The greater magnitude and duration of improvement seen with RFD treatment compared with anaesthetic and steroid injection demonstrates the efficacy of RFD in this application, and is concordant with results demonstrated for RFD in other applications.37
This study does have certain limitations. First, the sample size was small, as this was only a pilot study. Second, there were no physiotherapy-only or surgery-only groups for comparison, in order to further elucidate the pathophysiology of the condition. Third, although we believe that the LAAG questionnaire is useful for assessing patients’ functional status, it has not yet been validated and may be more valuable for assessing adductor dysfunction; at the time, we were not aware of any validated assessment of groin function to use in its place. Subsequently, a new questionnaire was designed and validated for the assessment of groin function.38
Finally, the follow-up period was relatively limited; we do not know for how long the patients will remain symptom-free, or if the underlying structural abnormality, now denervated, will continue to deteriorate, leading to more severe disability down the track. This is likely to be highly dependent on the still-obscure aetiology of the pain (ie, nerve dysfunction or tendonitis or abdominal wall weakness), the long-term efficacy of RFD in general and the success of concomitant physiotherapy and strengthening routines.

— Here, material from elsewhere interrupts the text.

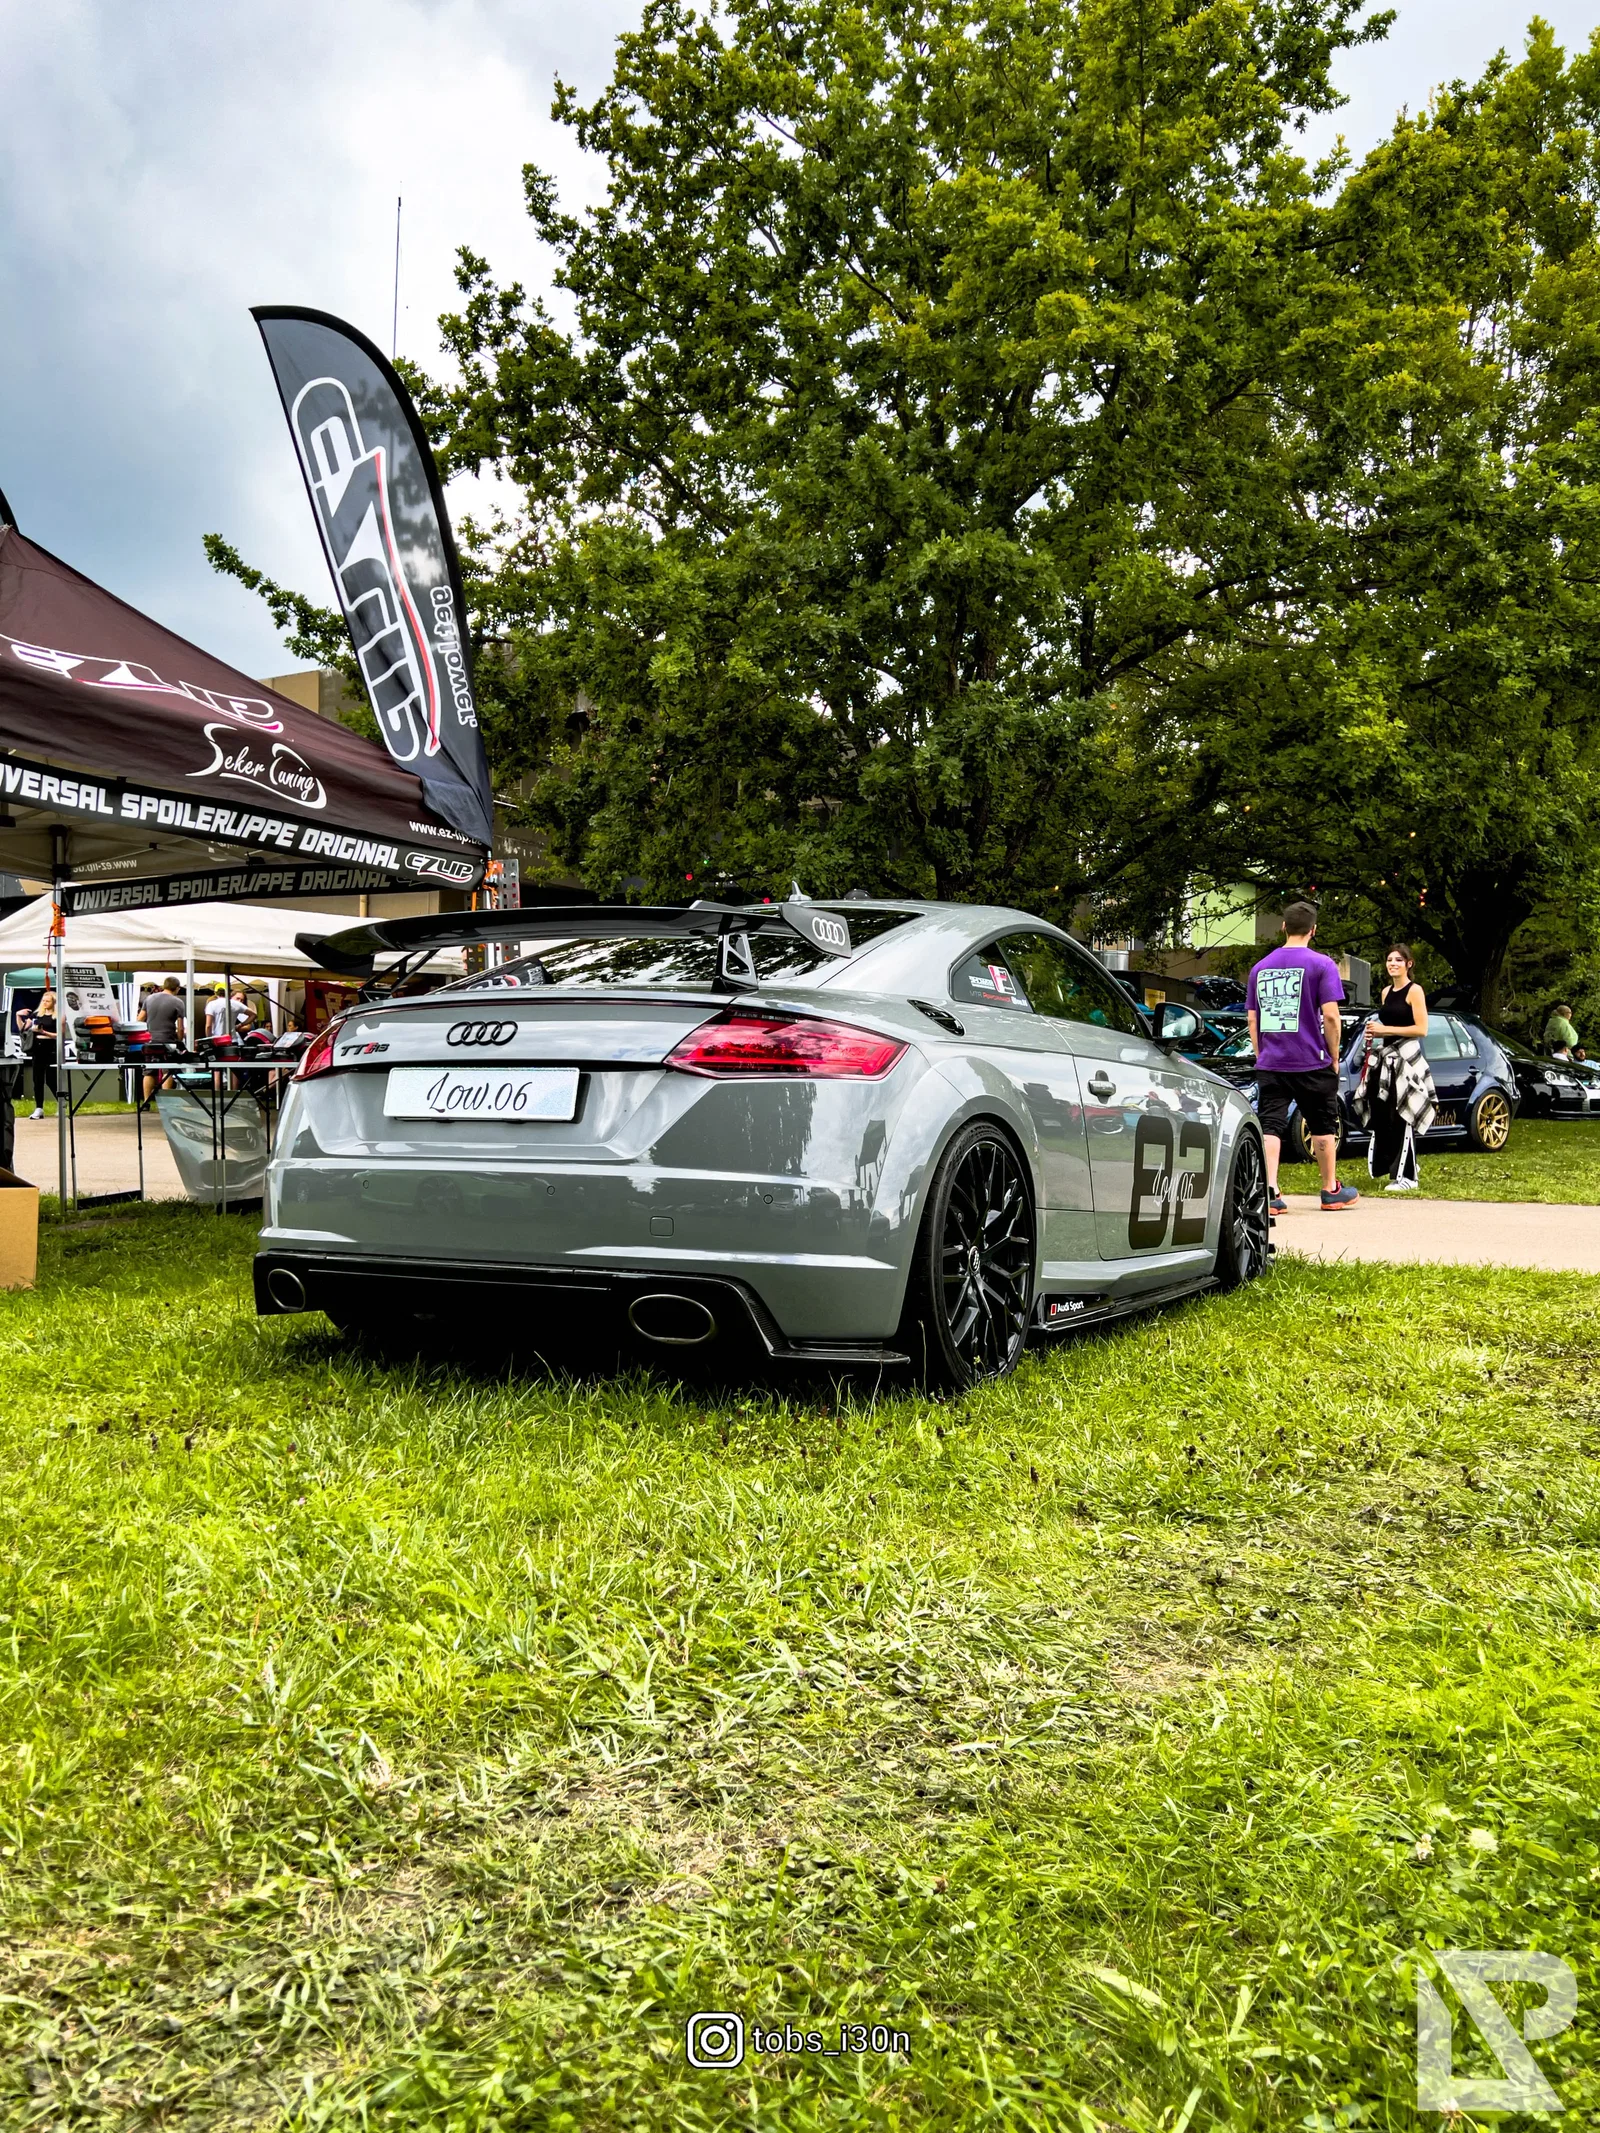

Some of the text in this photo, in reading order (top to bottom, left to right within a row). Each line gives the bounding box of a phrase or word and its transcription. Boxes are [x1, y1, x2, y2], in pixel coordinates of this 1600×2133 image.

Our study has shown that using RFD in the treatment of cryptogenic chronic groin pain is safe and efficacious, at least in the short term; it is superior to anaesthetic and steroid injection. This novel technique could help athletes return to play quite quickly and defer any surgical intervention, if symptoms recur, to take place ‘out of season’.

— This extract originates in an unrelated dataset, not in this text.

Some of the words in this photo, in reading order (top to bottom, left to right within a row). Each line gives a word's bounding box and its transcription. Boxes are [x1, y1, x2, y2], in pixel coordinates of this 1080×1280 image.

Furthermore, the success of denervation suggests that the concept of posterior abdominal wall weakness as a cause of this condition may be incorrect, or at least immaterial. The fact that the abolition of inflammation and/or nerve conduction (whether by anaesthetic/steroid or by RFD) abolishes the pain in patients who may have been diagnosed with a ‘Sportsman's Hernia’ raises the possibility that the condition is primarily a tendonitis with a resultant neuropathy. This also brings into question the need for surgical intervention to repair perceived abdominal weakness.
Further larger studies with comparison to groups receiving surgery or physiotherapy alone, and with a longer duration of follow-up, are needed to complement this groundwork.